Image-backed grounding data:

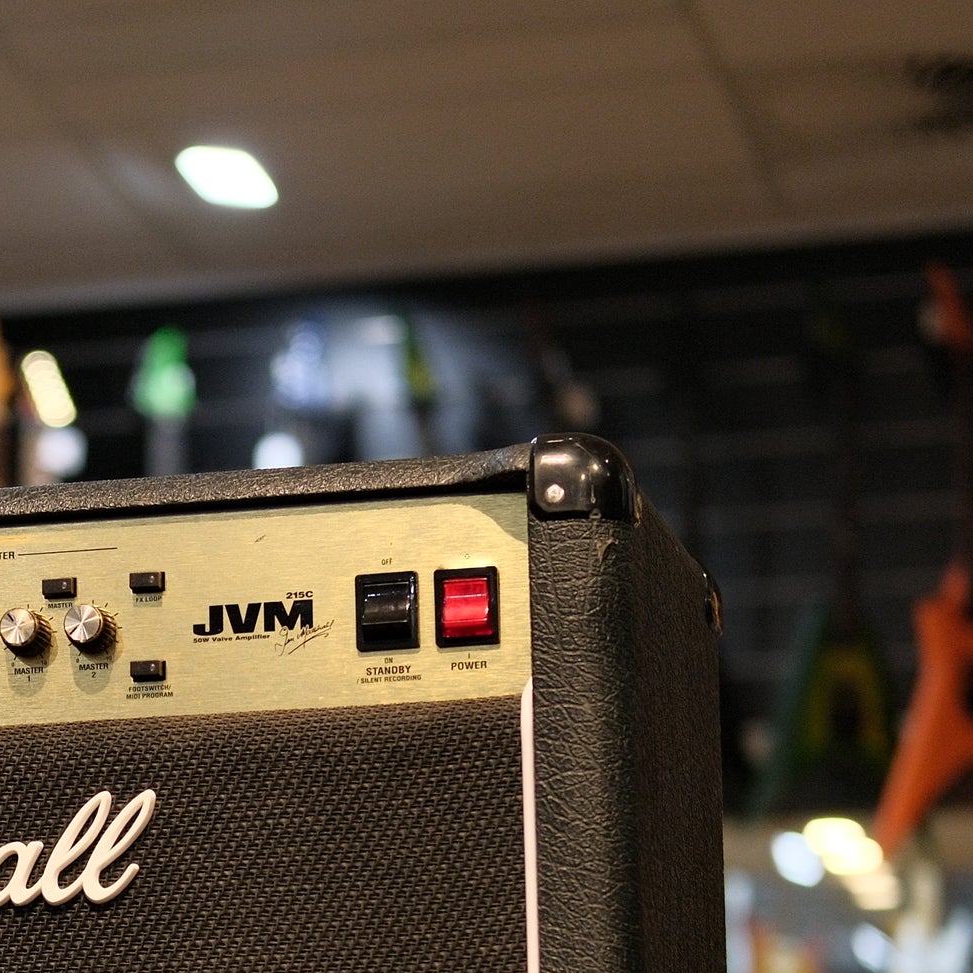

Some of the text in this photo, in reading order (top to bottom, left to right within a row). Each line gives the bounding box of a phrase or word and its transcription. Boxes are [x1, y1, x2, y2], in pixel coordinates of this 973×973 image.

[381, 557, 393, 566] OFF
[286, 590, 314, 600] 215C
[192, 599, 314, 636] JVM
[235, 634, 270, 642] Amplifier
[78, 663, 109, 671] MASTER
[366, 665, 412, 676] STANDBY
[450, 660, 488, 671] POWER
[13, 667, 44, 676] MASTER
[360, 676, 383, 684] SILENT
[384, 674, 422, 682] RECORDING
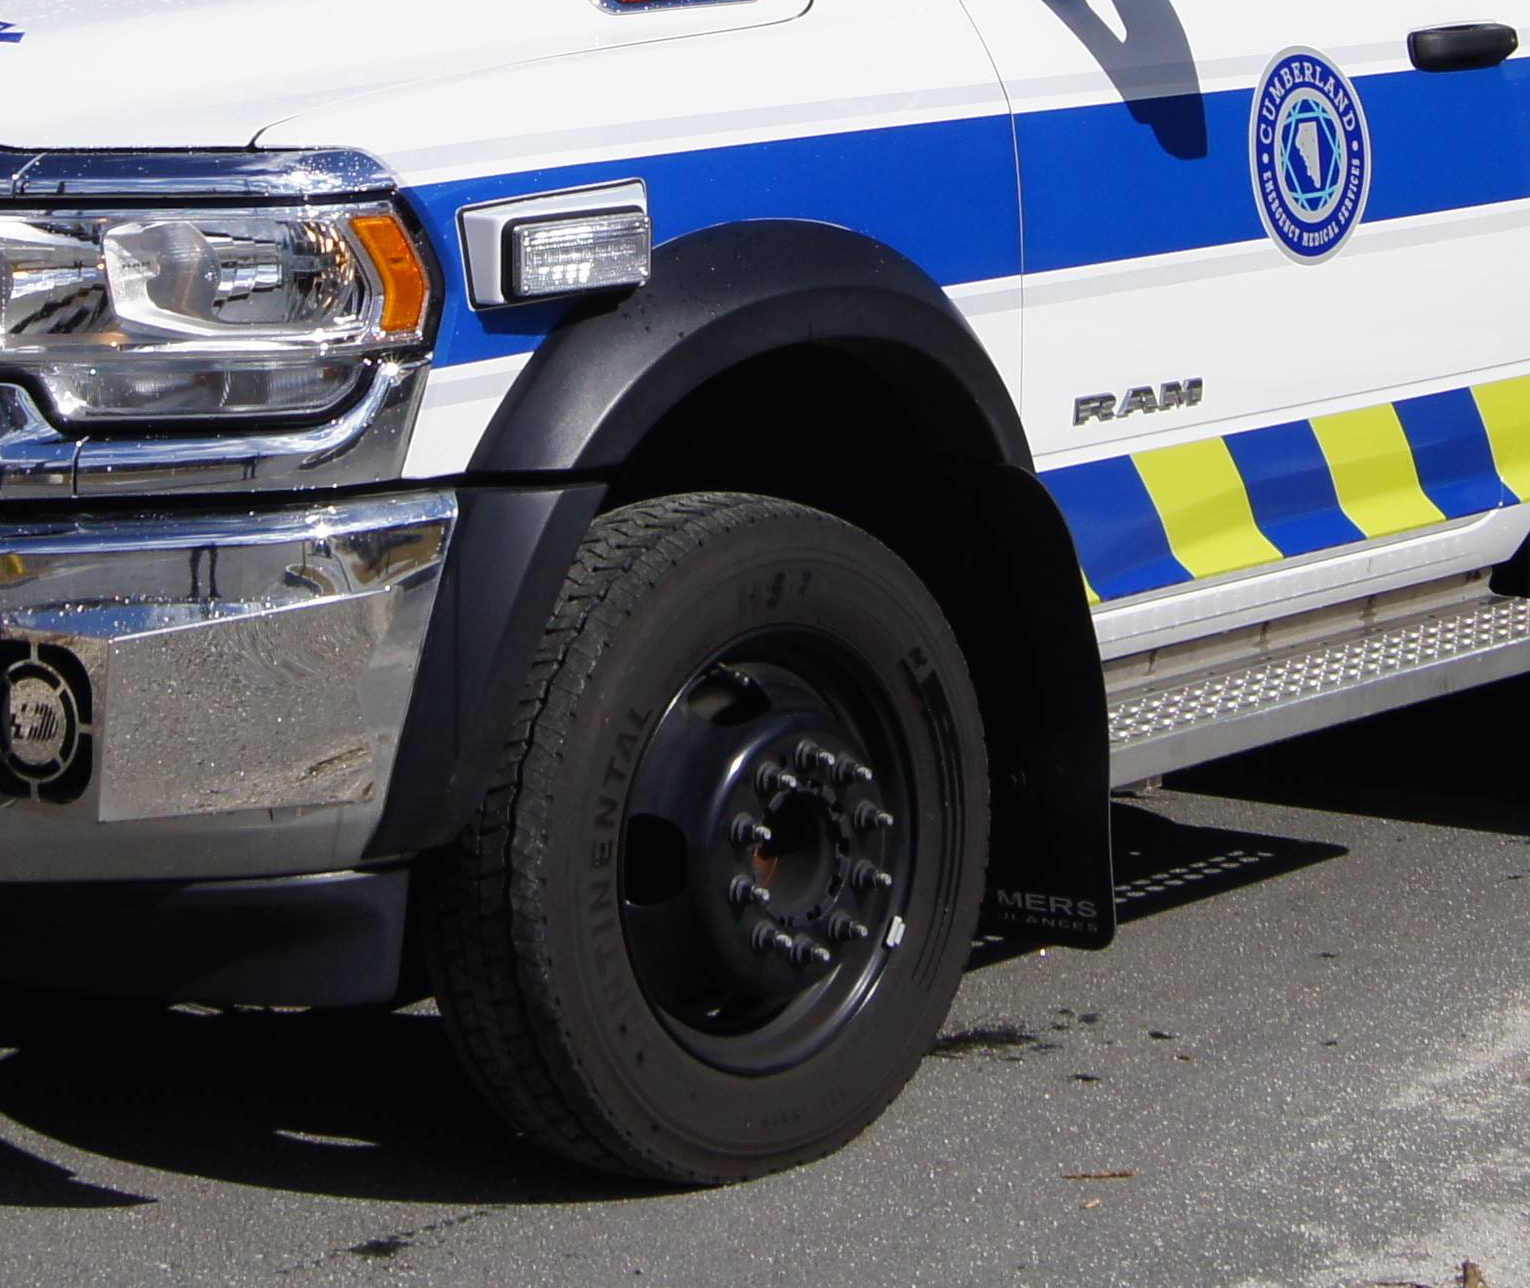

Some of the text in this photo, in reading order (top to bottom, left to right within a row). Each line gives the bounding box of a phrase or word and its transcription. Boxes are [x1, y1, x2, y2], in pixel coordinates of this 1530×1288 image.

[1259, 61, 1357, 146] CUMBERLAND
[1261, 158, 1361, 247] EMERGENCY MEDICAL SERVICES
[1072, 377, 1204, 427] RAM
[995, 888, 1098, 919] MERS
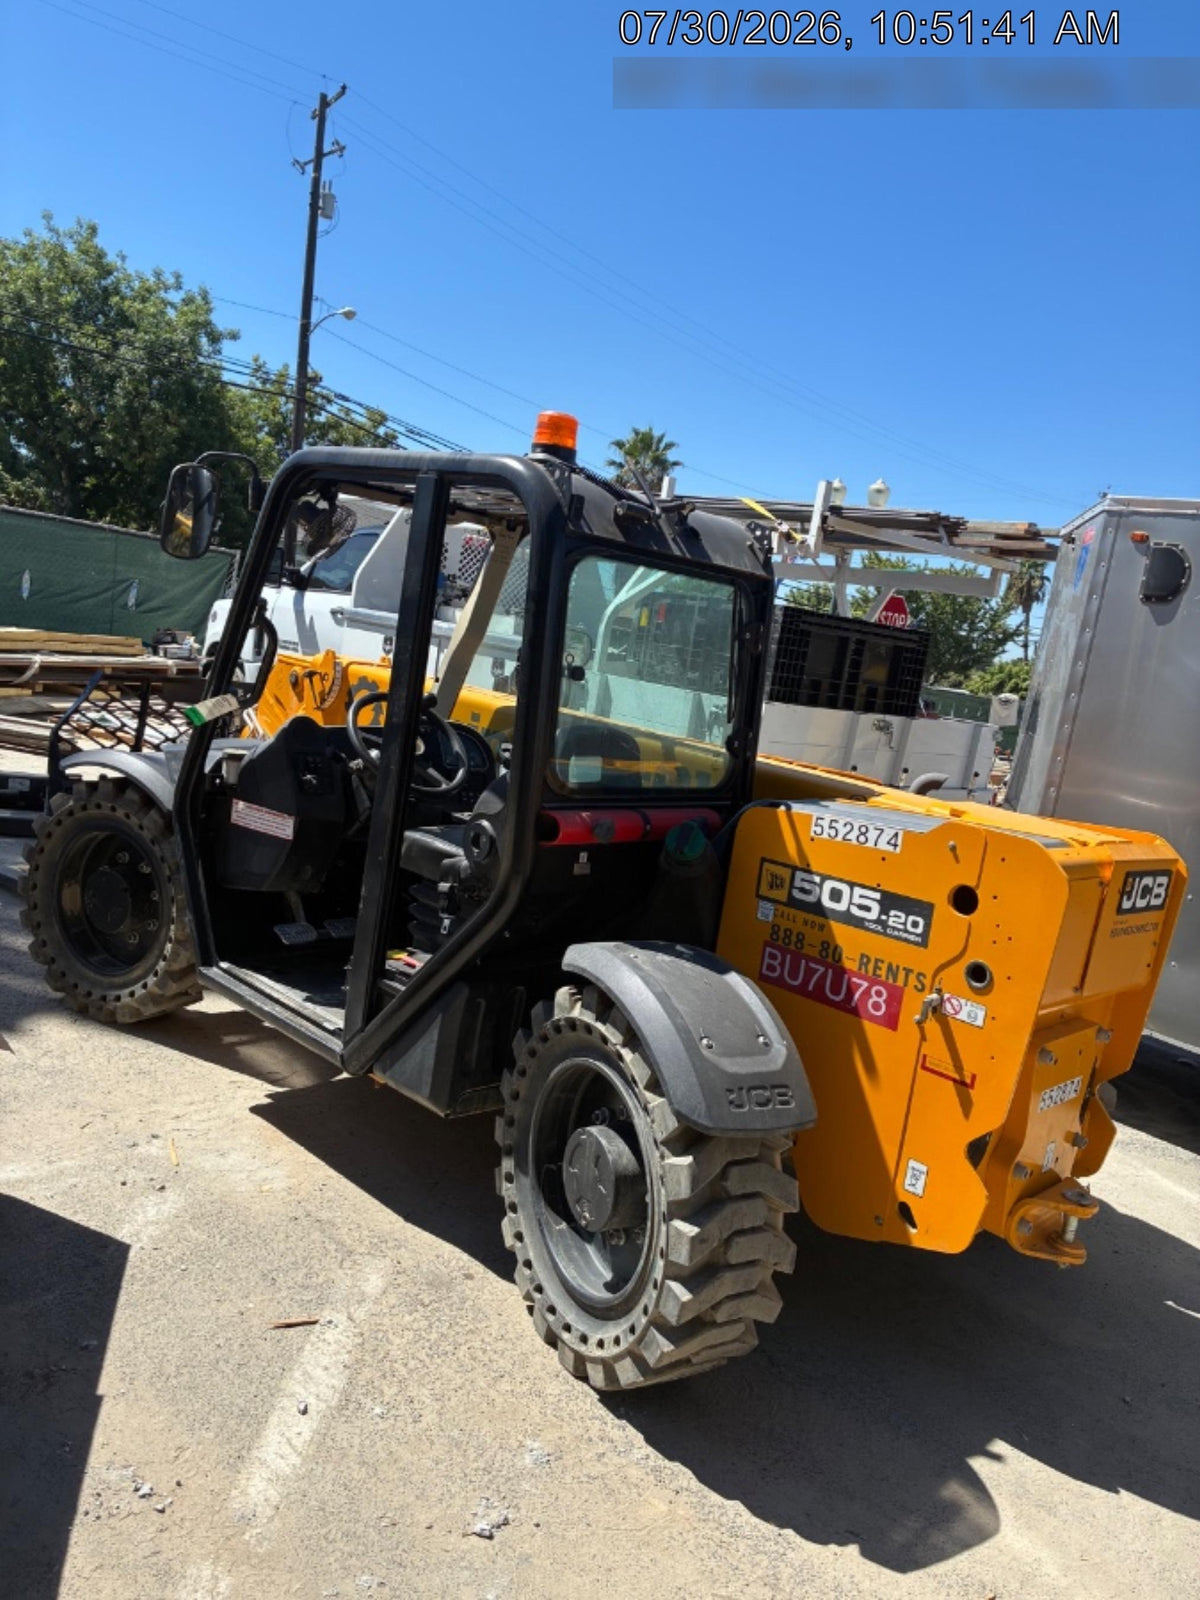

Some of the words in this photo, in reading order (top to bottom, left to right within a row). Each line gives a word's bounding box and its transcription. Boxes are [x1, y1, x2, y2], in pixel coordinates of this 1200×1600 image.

[813, 816, 899, 850] 552874
[1121, 876, 1169, 910] JCB
[773, 908, 798, 924] CALL
[802, 917, 826, 932] NOW
[769, 923, 927, 993] 888-80-RENTS
[762, 946, 888, 1017] BU7U78
[725, 1085, 795, 1112] JCB

Exercise prompt: Each entry above needs to be restated without a single word changed; skip the images.

Exercise solution:
Some of the text in this photo, in reading order (top to bottom, left to right within a row). Each line gives the bounding box of a phrase or word and its transcription. Boxes are [x1, y1, x2, y2], in pixel coordinates of this 973×973 image.

[381, 557, 393, 566] OFF
[286, 590, 314, 600] 215C
[192, 599, 314, 636] JVM
[235, 634, 270, 642] Amplifier
[78, 663, 109, 671] MASTER
[366, 665, 412, 676] STANDBY
[450, 660, 488, 671] POWER
[13, 667, 44, 676] MASTER
[360, 676, 383, 684] SILENT
[384, 674, 422, 682] RECORDING

Some of the text in this photo, in reading order (top to bottom, left to right within a row). Each line gives the bounding box of a phrase or word and its transcription. Boxes are [x1, y1, x2, y2], in pixel coordinates of this 1530×1288 image.

[1259, 61, 1357, 146] CUMBERLAND
[1261, 158, 1361, 247] EMERGENCY MEDICAL SERVICES
[1072, 377, 1204, 427] RAM
[995, 888, 1098, 919] MERS

Some of the words in this photo, in reading order (top to bottom, left to right within a row). Each line gives a word's bounding box and its transcription. Boxes are [x1, y1, x2, y2], in pixel coordinates of this 1200×1600 image.

[813, 816, 899, 850] 552874
[1121, 876, 1169, 910] JCB
[773, 908, 798, 924] CALL
[802, 917, 826, 932] NOW
[769, 923, 927, 993] 888-80-RENTS
[762, 946, 888, 1017] BU7U78
[725, 1085, 795, 1112] JCB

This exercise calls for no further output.